• [Input]
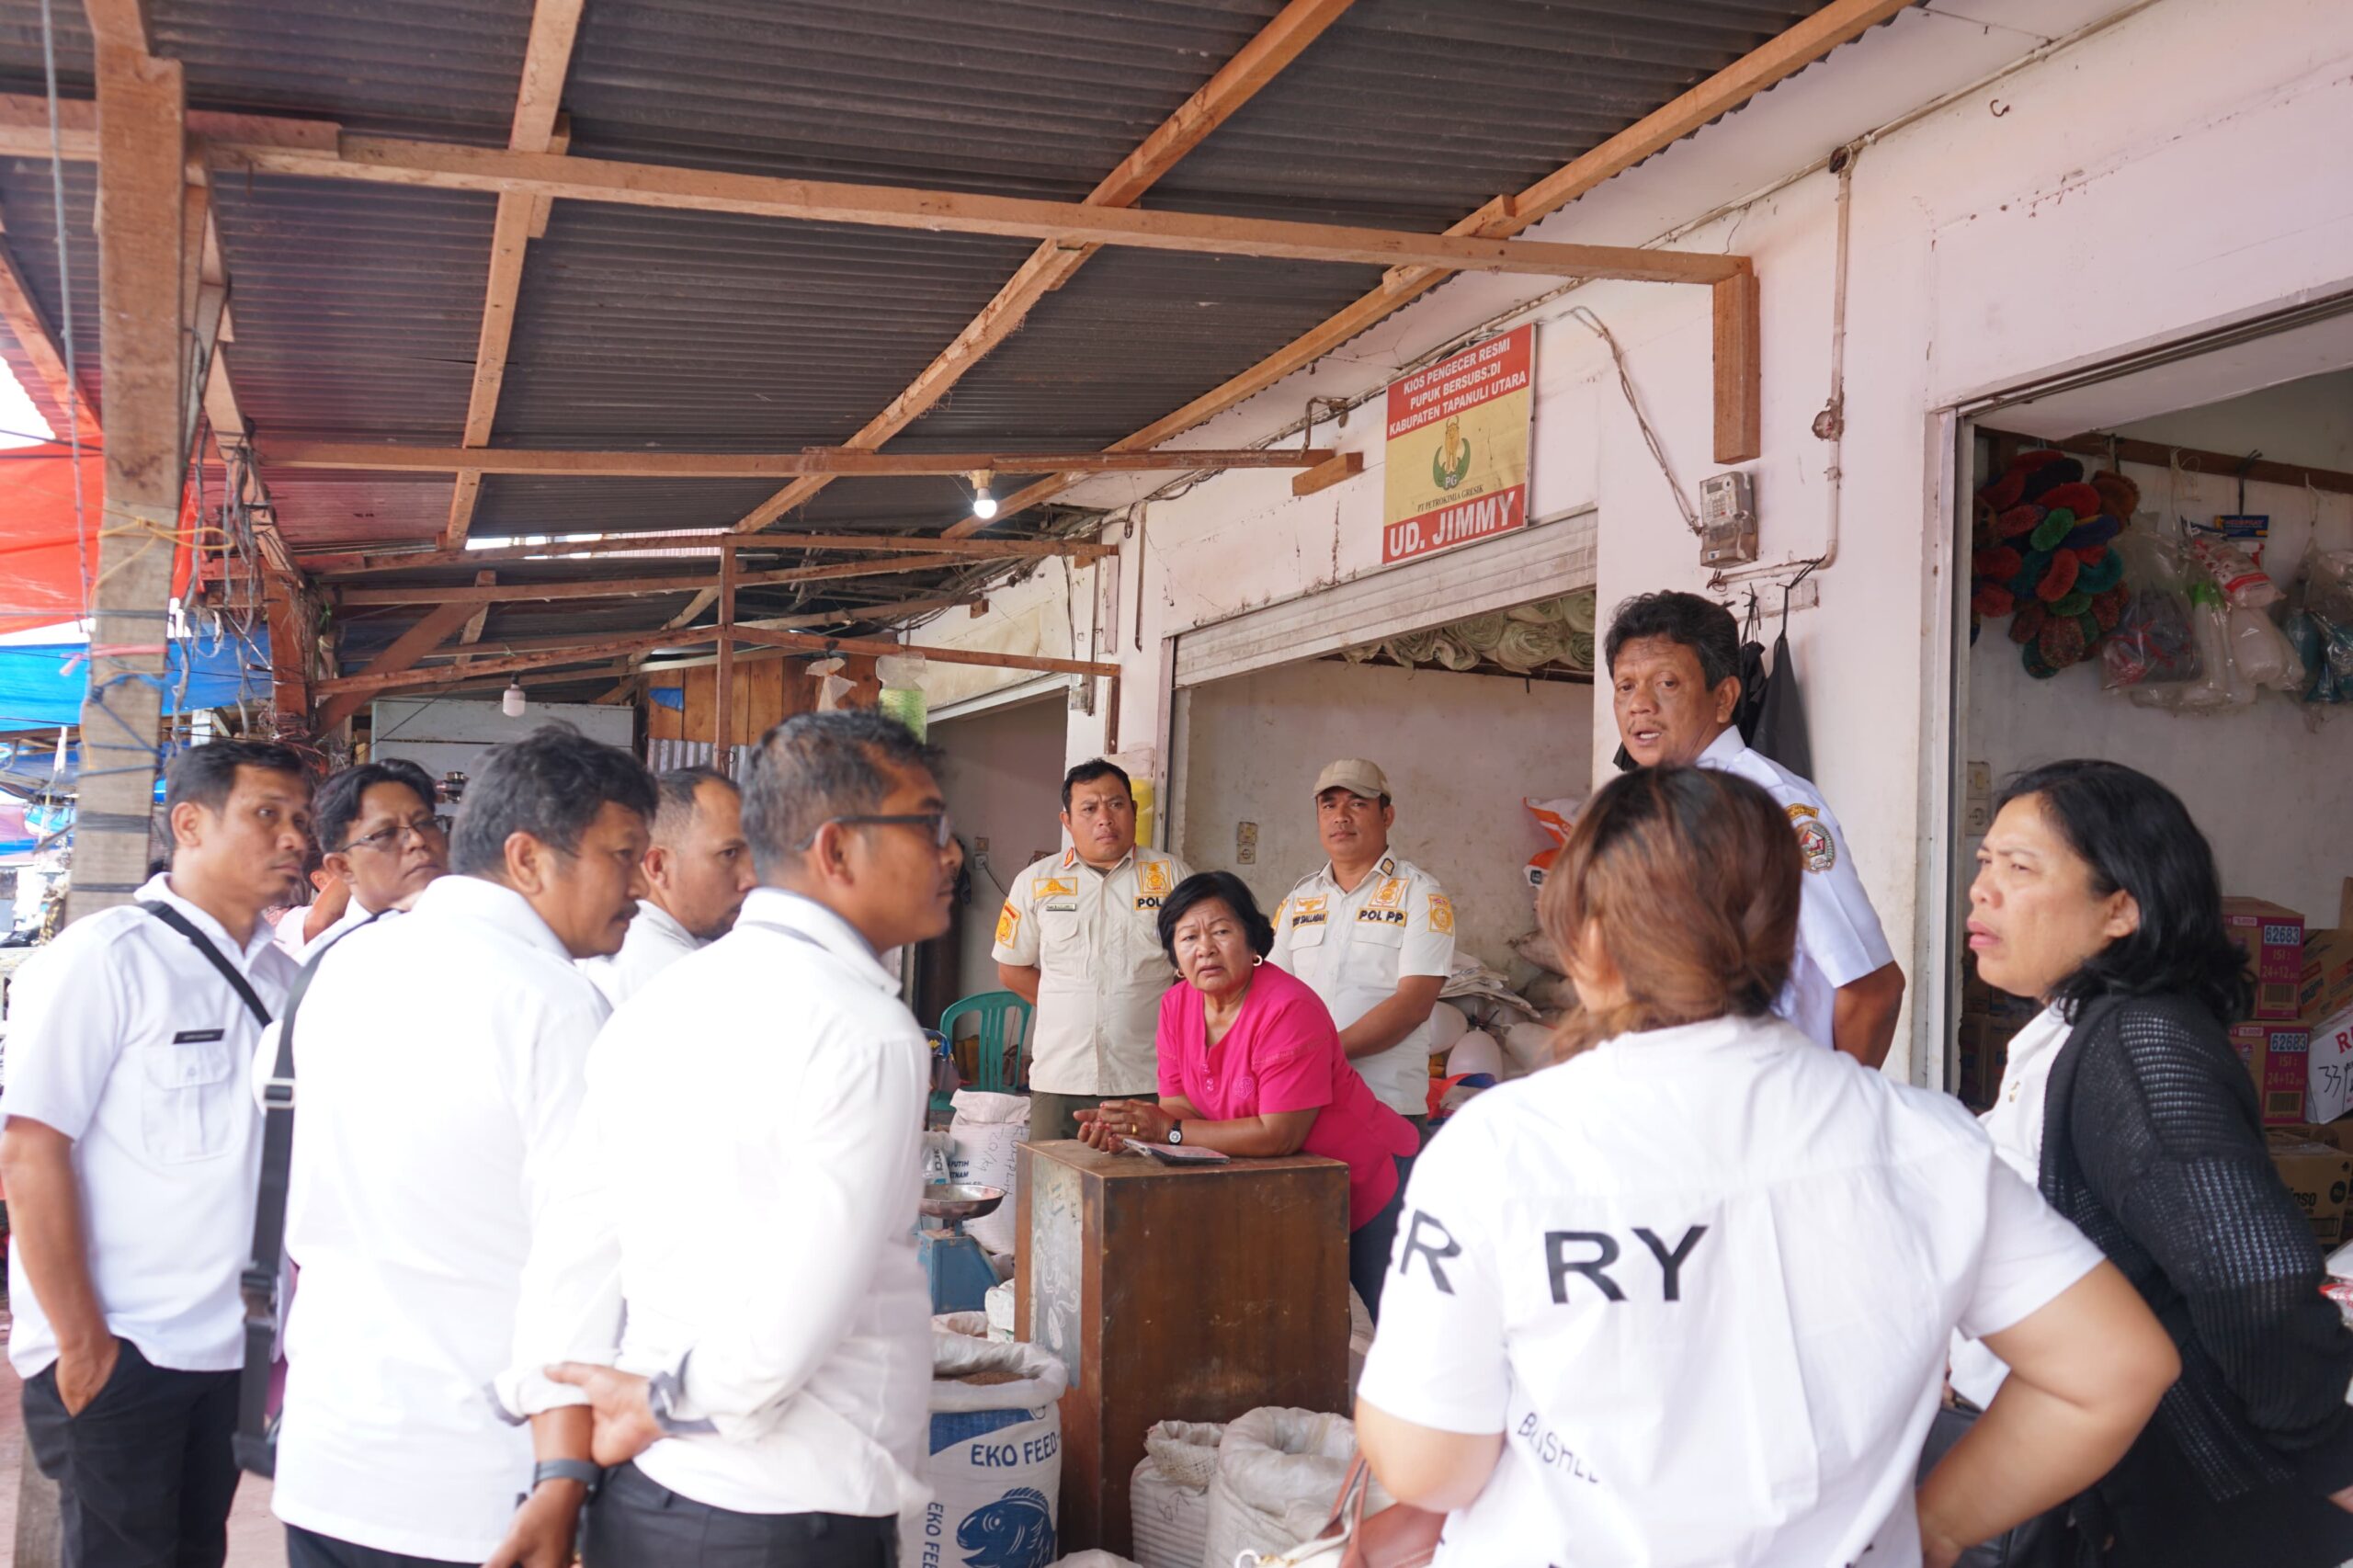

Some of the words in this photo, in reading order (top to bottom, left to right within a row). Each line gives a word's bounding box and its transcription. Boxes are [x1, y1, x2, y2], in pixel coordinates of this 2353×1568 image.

[1404, 377, 1426, 395] KIOS
[1427, 357, 1477, 384] PENGECER
[1479, 337, 1510, 359] RESMI
[1389, 407, 1440, 436] KABUPATEN
[1442, 387, 1489, 416] TAPANULI
[1491, 370, 1526, 396] UTARA
[1410, 389, 1441, 410] PUPUK
[1445, 474, 1458, 488] PG
[1417, 502, 1424, 513] PT
[1425, 492, 1461, 511] PETROKIMIA
[1461, 484, 1484, 500] GRESIK
[1389, 521, 1425, 558] UD.
[1432, 491, 1515, 545] JIMMY
[1137, 897, 1162, 908] POL
[1358, 910, 1382, 922] POL
[1385, 911, 1404, 924] PP
[2265, 926, 2300, 944] 62683
[2272, 1034, 2307, 1051] 62683
[1399, 1209, 1462, 1296] R
[1543, 1225, 1709, 1305] RY
[971, 1444, 1017, 1467] EKO
[926, 1502, 944, 1537] EKO
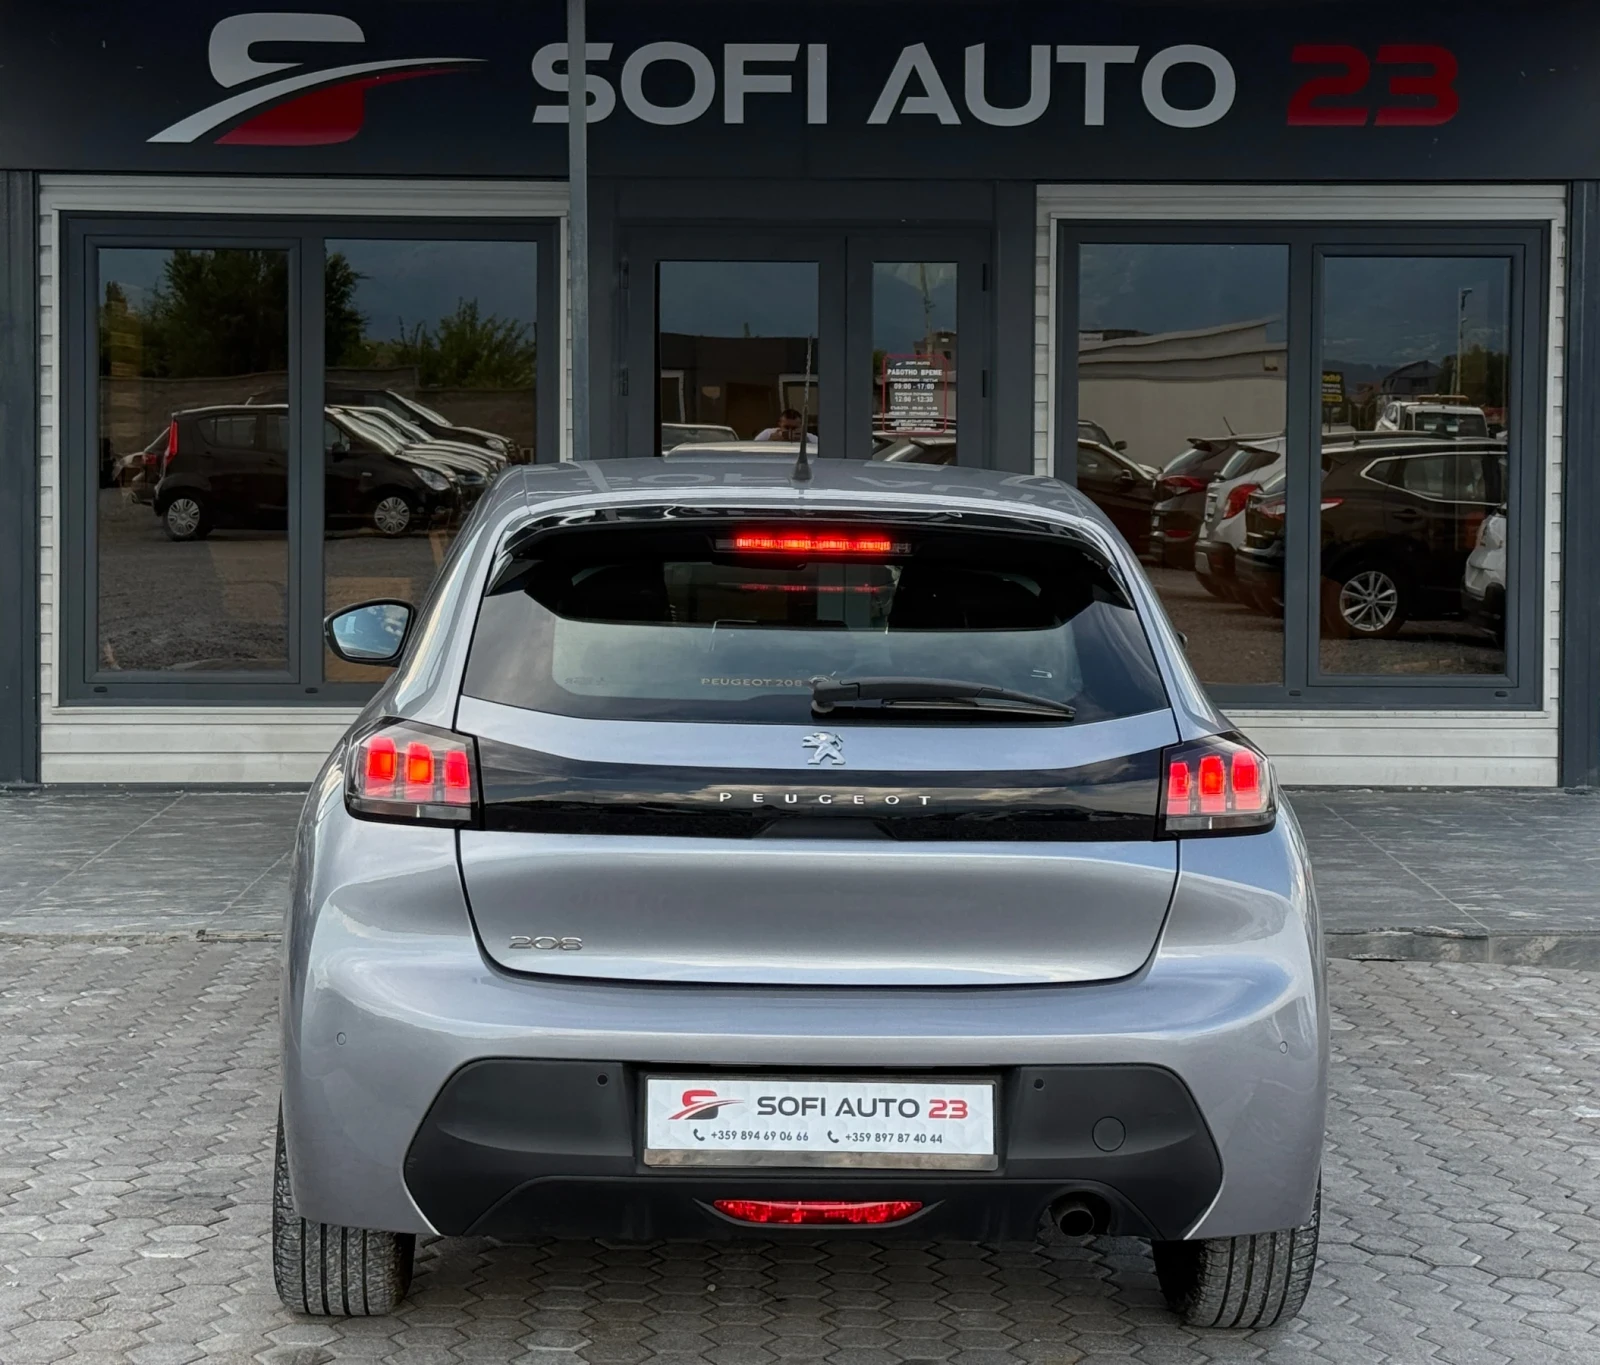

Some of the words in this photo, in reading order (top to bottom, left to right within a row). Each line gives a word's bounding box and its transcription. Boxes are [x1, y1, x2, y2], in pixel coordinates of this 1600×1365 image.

• [Assigned task] Everything in the entries above should be printed again exactly, apart from the pictures.

• [Response to this task]
Some of the words in this photo, in reading order (top to bottom, left to right within a row). Each line gives a word's bounding box and its transcription. Boxes are [x1, y1, x2, y2], in pixel coordinates of this 2353×1568 image.

[1404, 377, 1426, 395] KIOS
[1427, 357, 1477, 384] PENGECER
[1479, 337, 1510, 359] RESMI
[1389, 407, 1440, 436] KABUPATEN
[1442, 387, 1489, 416] TAPANULI
[1491, 370, 1526, 396] UTARA
[1410, 389, 1441, 410] PUPUK
[1445, 474, 1458, 488] PG
[1417, 502, 1424, 513] PT
[1425, 492, 1461, 511] PETROKIMIA
[1461, 484, 1484, 500] GRESIK
[1389, 521, 1425, 558] UD.
[1432, 491, 1515, 545] JIMMY
[1137, 897, 1162, 908] POL
[1358, 910, 1382, 922] POL
[1385, 911, 1404, 924] PP
[2265, 926, 2300, 944] 62683
[2272, 1034, 2307, 1051] 62683
[1399, 1209, 1462, 1296] R
[1543, 1225, 1709, 1305] RY
[971, 1444, 1017, 1467] EKO
[926, 1502, 944, 1537] EKO

Some of the words in this photo, in reading order (top to bottom, left to right within a row). Each line gives a word's bounding box and its transcription. Boxes are [x1, y1, x2, y2], in pixel coordinates of this 1600×1365 image.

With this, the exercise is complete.